_Exercise aim_. Copy each of the entries below faithfully, setting aside any pictures.

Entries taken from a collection
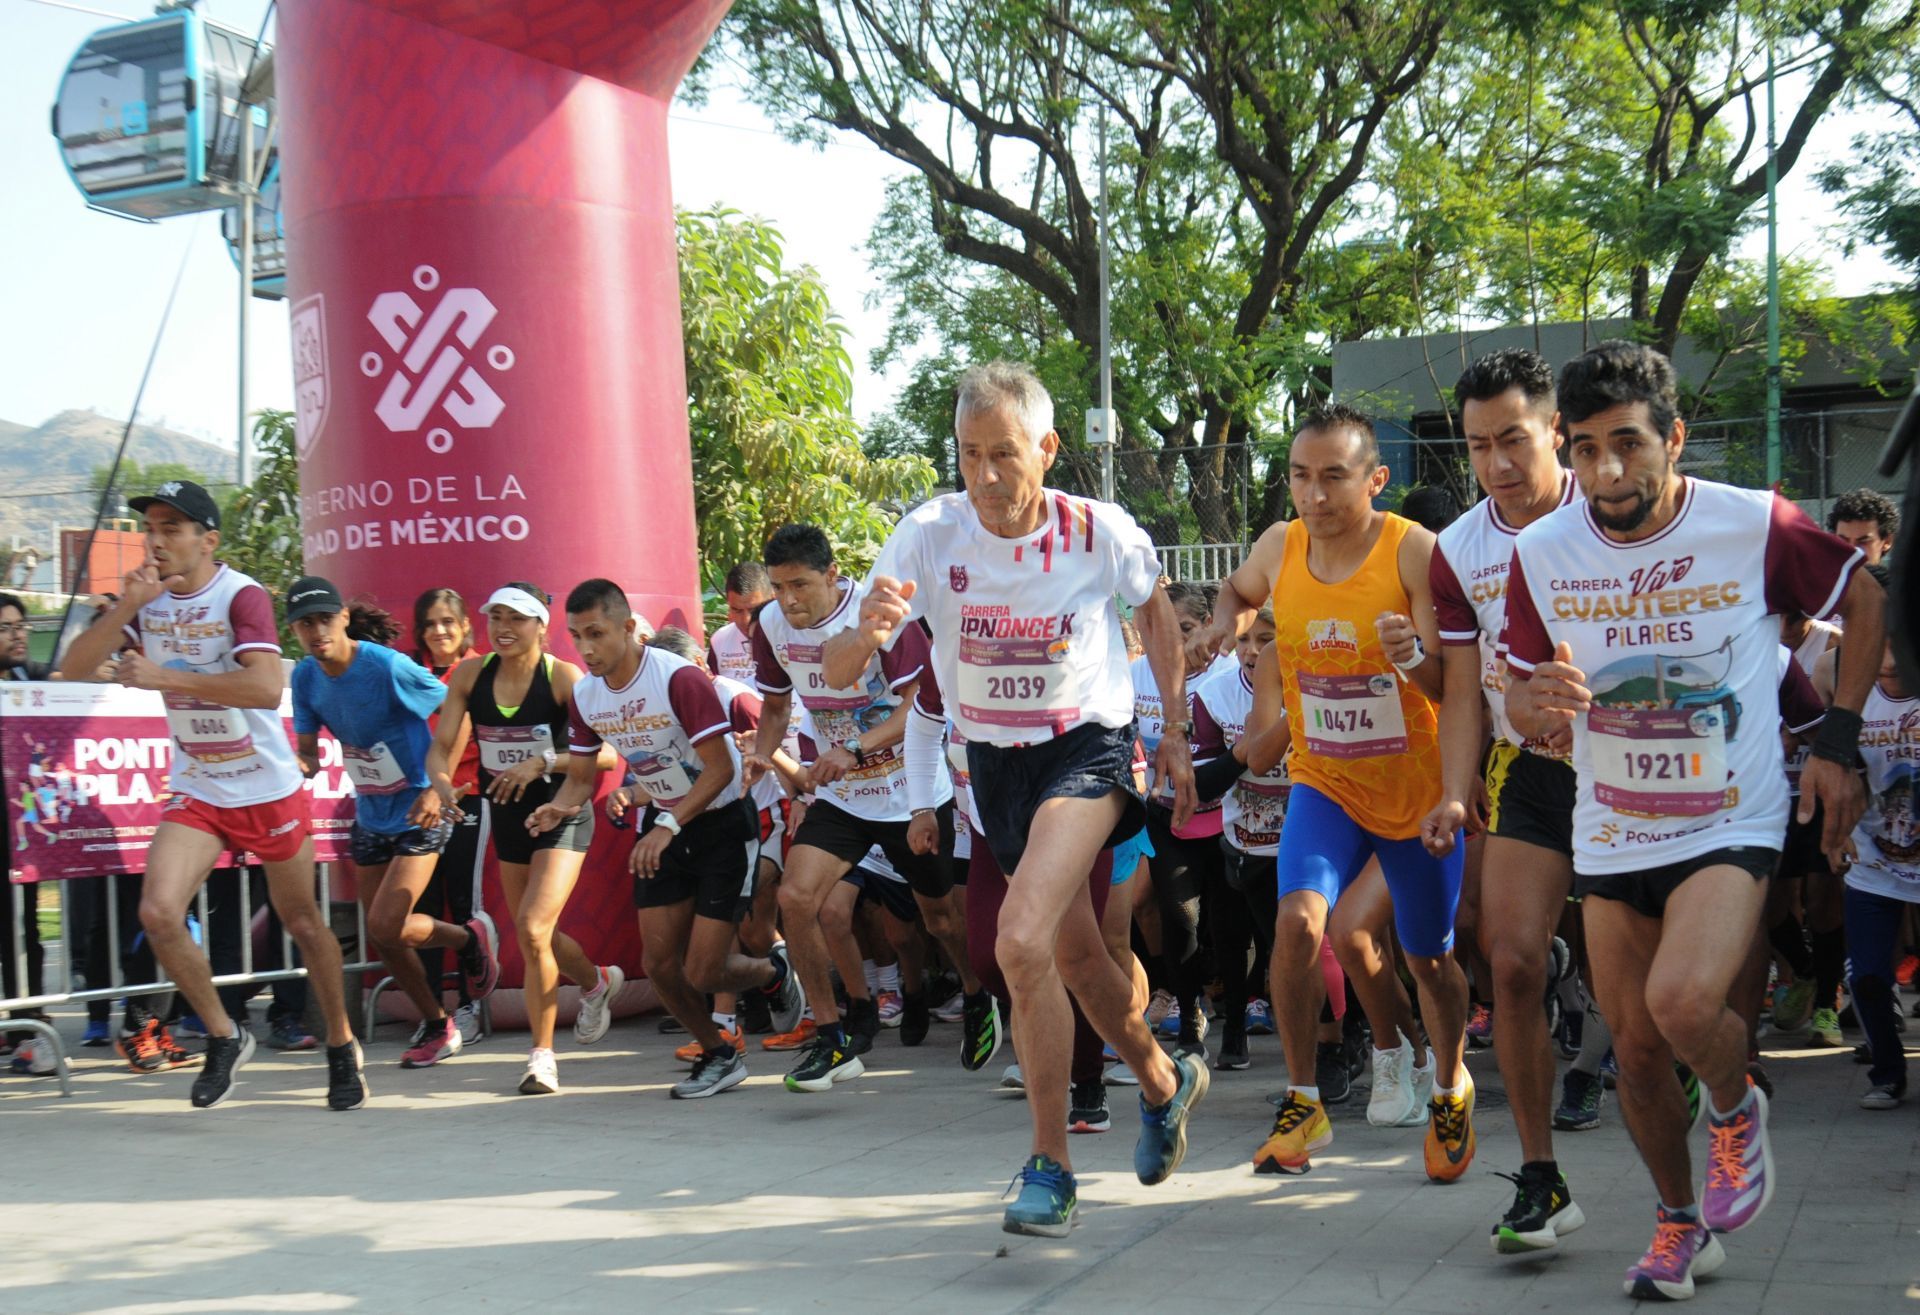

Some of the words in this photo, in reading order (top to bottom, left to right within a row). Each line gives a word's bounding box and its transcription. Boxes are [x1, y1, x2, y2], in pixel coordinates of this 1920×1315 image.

[408, 476, 459, 504] DE
[475, 474, 527, 502] LA
[304, 529, 340, 560] DAD
[345, 522, 382, 550] DE
[390, 511, 530, 546] MÉXICO
[1471, 562, 1511, 580] CARRE
[1550, 578, 1622, 592] CARRERA
[1552, 581, 1742, 621] CUAUTEPEC
[961, 605, 1010, 617] CARRERA
[961, 616, 1057, 638] IPNONCE
[1060, 612, 1076, 636] K
[1310, 641, 1320, 650] LA
[1321, 639, 1357, 652] COLMENA
[987, 676, 1046, 699] 2039
[1135, 694, 1162, 703] ARRER
[591, 713, 672, 736] CUAUTEPEC
[1323, 708, 1374, 733] 0474
[617, 734, 654, 749] PILARES
[1857, 729, 1920, 748] CUAUTE
[74, 738, 174, 770] PONT
[1886, 747, 1920, 762] PILARE
[1625, 752, 1686, 779] 1921
[854, 786, 892, 798] PONTE
[1891, 866, 1920, 883] PONT

_Expected answer_.
Some of the words in this photo, in reading order (top to bottom, left to right within a row). Each line gives a word's bounding box and its transcription. Boxes are [x1, y1, x2, y2], in pixel coordinates of this 1920×1315 image.

[408, 476, 459, 504] DE
[475, 474, 527, 502] LA
[304, 529, 340, 560] DAD
[345, 522, 382, 550] DE
[390, 511, 530, 546] MÉXICO
[1471, 562, 1511, 580] CARRE
[1550, 578, 1622, 592] CARRERA
[1552, 581, 1742, 621] CUAUTEPEC
[961, 605, 1010, 617] CARRERA
[961, 616, 1057, 638] IPNONCE
[1060, 612, 1076, 636] K
[1310, 641, 1320, 650] LA
[1321, 639, 1357, 652] COLMENA
[987, 676, 1046, 699] 2039
[1135, 694, 1162, 703] ARRER
[591, 713, 672, 736] CUAUTEPEC
[1323, 708, 1374, 733] 0474
[617, 734, 654, 749] PILARES
[1857, 729, 1920, 748] CUAUTE
[74, 738, 174, 770] PONT
[1886, 747, 1920, 762] PILARE
[1625, 752, 1686, 779] 1921
[854, 786, 892, 798] PONTE
[1891, 866, 1920, 883] PONT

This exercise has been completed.